Colombia–Cuba relations have a long history, as the two countries have shared political, economic, social and cultural relations since the time of colonialism in Latin America. Having a great exchange of knowledge and people in these territories, for this reason, the two countries and others joined in the fight for independence against the Spanish. Both countries are members of the Organization of American States, Community of Latin American and Caribbean States, Latin American Integration Association and Organization of Ibero-American States.

== History ==

=== Colonialism and independence ===
The union of these two countries dates back to the colonial era of Spain, considering that all the ships that merchants sailed from the island of Cuba during the colonial era arrived at the port of Cartagena with various products that were exported to Europe, such as sugar, biscuits and honey, horses, tobacco, leather and fat. It is known that the interdependence of Colombia and Cuba is very strong, since they depend mainly on imported products from any of their divisions, in the case of Colombia since the beginning of the 17th century it depended mainly on copper obtained from the island to create various artifacts necessary for Cartagena and the rest of the country.

As a result of the close economic ties between the two colonies, other relations were established between them such as social, political and cultural. A great reference to this point comes from the first period of New Granada in 1771, when Cuban journalist Manuel del Socorro Rodríguez played an important role in the foundation of this first period and who carried out a great work of knowledge at the head of the Public Library of Santa Fe de Bogotá. Similarly, a resident of New Granada, Joaquín Pablo Posada, the great precursor of socialism in Latin America, moved to Cuba in 1859, where he carried out a great work in the deployment of the Havana press in the territory of the island. From the above, due to the close relationship that the two colonies had and the exchange of different aspects leads to the strengthening of the alliance for the wars of independence.

=== Cold War - Cuban Revolution ===
Already during the Cuban Revolution, the flight of Fulgencio Batista was celebrated in Colombia, seen in terms of the end of the recent dictatorship in Colombia, without direct involvement, except when shortly after its success the revolutionaries invaded the Colombian embassy in search of anti-revolutionary elements, but the relationship with the new government changed when it began to show pro-Soviet elements and hostility towards the United States, and Colombia began to call various anti-Cuban meetings, and after one of these held in 1961 in Uruguay, the regime was condemned and expelled from the OAS; after which Fidel Castro made a strong speech against Colombia, three days later the government of Alberto Lleras Camargo broke relations with the island.

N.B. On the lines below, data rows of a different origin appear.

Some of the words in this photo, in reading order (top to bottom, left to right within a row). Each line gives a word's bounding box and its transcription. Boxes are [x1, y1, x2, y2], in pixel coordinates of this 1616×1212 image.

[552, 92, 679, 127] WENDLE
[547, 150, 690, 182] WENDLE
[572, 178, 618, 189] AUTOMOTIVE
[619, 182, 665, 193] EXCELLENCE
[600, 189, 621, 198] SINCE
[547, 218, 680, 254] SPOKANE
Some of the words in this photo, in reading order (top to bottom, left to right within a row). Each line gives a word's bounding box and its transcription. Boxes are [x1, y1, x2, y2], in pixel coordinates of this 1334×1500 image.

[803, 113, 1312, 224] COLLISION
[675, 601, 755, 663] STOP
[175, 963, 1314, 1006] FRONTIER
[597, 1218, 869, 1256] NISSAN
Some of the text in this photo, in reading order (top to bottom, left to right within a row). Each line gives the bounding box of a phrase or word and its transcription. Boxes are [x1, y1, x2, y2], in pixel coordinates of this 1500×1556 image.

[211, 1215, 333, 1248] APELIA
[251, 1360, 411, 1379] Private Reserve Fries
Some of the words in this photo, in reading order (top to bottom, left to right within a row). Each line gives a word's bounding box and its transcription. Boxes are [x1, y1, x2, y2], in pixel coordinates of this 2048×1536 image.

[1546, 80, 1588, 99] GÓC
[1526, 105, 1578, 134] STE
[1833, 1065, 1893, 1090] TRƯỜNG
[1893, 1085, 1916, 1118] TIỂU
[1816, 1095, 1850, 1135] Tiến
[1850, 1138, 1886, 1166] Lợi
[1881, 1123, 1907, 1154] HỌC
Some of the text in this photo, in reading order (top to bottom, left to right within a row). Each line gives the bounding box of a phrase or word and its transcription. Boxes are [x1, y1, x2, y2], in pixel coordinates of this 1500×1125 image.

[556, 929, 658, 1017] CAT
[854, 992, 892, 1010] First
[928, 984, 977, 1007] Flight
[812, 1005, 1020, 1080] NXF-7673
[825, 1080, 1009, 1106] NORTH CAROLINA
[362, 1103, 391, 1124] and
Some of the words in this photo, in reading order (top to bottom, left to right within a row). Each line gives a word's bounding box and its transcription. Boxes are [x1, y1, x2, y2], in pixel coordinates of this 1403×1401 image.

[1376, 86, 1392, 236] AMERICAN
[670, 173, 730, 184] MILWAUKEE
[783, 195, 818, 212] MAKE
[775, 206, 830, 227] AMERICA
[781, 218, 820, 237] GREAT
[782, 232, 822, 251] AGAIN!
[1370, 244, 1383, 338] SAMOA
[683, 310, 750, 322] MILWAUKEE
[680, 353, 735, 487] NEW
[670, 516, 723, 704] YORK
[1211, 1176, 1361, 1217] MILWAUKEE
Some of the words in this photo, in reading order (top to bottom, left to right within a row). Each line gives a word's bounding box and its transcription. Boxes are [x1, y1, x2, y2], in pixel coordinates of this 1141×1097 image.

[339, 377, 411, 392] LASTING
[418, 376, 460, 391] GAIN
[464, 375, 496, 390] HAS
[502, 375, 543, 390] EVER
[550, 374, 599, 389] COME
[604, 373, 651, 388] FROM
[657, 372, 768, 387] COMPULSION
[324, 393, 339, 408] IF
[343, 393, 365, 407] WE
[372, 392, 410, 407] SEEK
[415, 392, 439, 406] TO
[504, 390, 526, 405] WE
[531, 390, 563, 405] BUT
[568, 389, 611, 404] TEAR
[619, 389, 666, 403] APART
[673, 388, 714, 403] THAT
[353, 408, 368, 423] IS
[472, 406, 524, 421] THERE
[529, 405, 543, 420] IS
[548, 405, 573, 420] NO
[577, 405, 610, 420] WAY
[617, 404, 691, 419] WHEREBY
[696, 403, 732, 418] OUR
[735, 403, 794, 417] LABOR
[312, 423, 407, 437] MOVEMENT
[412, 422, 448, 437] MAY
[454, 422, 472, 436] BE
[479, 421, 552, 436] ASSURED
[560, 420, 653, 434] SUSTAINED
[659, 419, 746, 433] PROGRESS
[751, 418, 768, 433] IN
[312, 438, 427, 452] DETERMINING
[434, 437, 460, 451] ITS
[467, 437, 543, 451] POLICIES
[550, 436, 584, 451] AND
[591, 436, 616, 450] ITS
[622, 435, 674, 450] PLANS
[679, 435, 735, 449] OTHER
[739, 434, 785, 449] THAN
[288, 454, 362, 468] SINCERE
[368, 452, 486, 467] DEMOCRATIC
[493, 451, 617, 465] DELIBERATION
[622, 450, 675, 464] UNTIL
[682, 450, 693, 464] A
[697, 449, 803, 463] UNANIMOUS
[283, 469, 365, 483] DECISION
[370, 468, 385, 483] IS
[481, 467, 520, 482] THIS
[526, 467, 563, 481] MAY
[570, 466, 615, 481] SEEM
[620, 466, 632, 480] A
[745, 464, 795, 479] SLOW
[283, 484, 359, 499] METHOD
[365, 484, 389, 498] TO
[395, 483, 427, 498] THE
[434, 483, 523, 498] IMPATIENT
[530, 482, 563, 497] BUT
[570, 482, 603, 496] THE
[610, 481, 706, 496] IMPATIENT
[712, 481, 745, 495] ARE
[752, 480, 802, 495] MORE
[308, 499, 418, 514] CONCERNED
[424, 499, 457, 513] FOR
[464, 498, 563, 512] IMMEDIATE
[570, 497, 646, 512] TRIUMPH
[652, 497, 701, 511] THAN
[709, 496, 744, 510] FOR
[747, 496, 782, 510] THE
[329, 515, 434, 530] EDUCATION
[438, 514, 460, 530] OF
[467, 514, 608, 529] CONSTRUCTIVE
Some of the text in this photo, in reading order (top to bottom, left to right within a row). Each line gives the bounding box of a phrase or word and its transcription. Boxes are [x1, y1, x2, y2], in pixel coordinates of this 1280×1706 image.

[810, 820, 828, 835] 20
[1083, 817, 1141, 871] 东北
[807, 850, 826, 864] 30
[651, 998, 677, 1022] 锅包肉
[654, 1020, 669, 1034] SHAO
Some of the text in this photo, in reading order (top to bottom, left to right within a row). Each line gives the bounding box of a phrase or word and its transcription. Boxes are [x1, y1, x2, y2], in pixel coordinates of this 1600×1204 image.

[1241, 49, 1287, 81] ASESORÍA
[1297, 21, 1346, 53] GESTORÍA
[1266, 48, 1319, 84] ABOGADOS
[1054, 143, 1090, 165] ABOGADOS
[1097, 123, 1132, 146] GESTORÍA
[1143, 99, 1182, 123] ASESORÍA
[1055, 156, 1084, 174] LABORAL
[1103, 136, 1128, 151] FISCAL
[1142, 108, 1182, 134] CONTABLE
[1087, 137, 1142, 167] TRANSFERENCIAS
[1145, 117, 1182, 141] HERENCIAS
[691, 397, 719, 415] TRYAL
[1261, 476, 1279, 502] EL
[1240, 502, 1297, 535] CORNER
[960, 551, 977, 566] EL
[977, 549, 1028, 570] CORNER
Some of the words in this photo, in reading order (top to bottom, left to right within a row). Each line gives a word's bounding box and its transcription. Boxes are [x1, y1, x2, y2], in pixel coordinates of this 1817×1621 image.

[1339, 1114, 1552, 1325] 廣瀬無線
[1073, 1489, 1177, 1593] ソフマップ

Cuba was a great supporter of the guerrillas that emerged in Colombian territory; it was involved in the founding of the NLA guerrilla group, formed by individuals who had been in Cuba, and the delivery of weapons. Another group that Cuba helped was the M-19, with constant communications between Fidel Castro and guerrilla leaders, to whom an attempt was made to deliver weapons on the coast of Chocó, an attempt that failed. Relations were reestablished when Colombia joined the Non-Aligned Movement. During the course of the peace agreements with the FARC, the Cuban government provided all its support and the negotiations took place in Havana, this being the country that would host the negotiations, one of the observer nations and providing health, security and transportation, which benefited the first informal discussions.

=== Diplomatic relations between Colombia and Cuba ===
Bilateral diplomatic relations between Colombia and Cuba were established in 1902, after their definitive independence. Diplomatic relations between Colombia and Cuba are based on mutual respect and respect for international law.

The diplomatic relationship between the Colombian government and the Cuban regime is marked by a paradox: the distancing and reconciliation between Havana and Bogotá always occurred under liberal governments. Colombia broke diplomatic relations with Cuba for the last time on March 23, 1981, due to the hostile behavior of the Cuban government towards this country, described by then-president Julio César Turbay Ayala. In a televised address, the president said that the decision was due to the proven complicity of Havana with the Colombian guerrilla.

In August 2026, the outgoing leftist Colombian President Gustavo Petro visited Cuba as his last presidential foreign visit, while the incoming right-wing president-elect Abelardo de la Espriella had declared plans to cut Colombian diplomatic relations with Cuba, declaring "there will be no relations with dictatorial regimes.”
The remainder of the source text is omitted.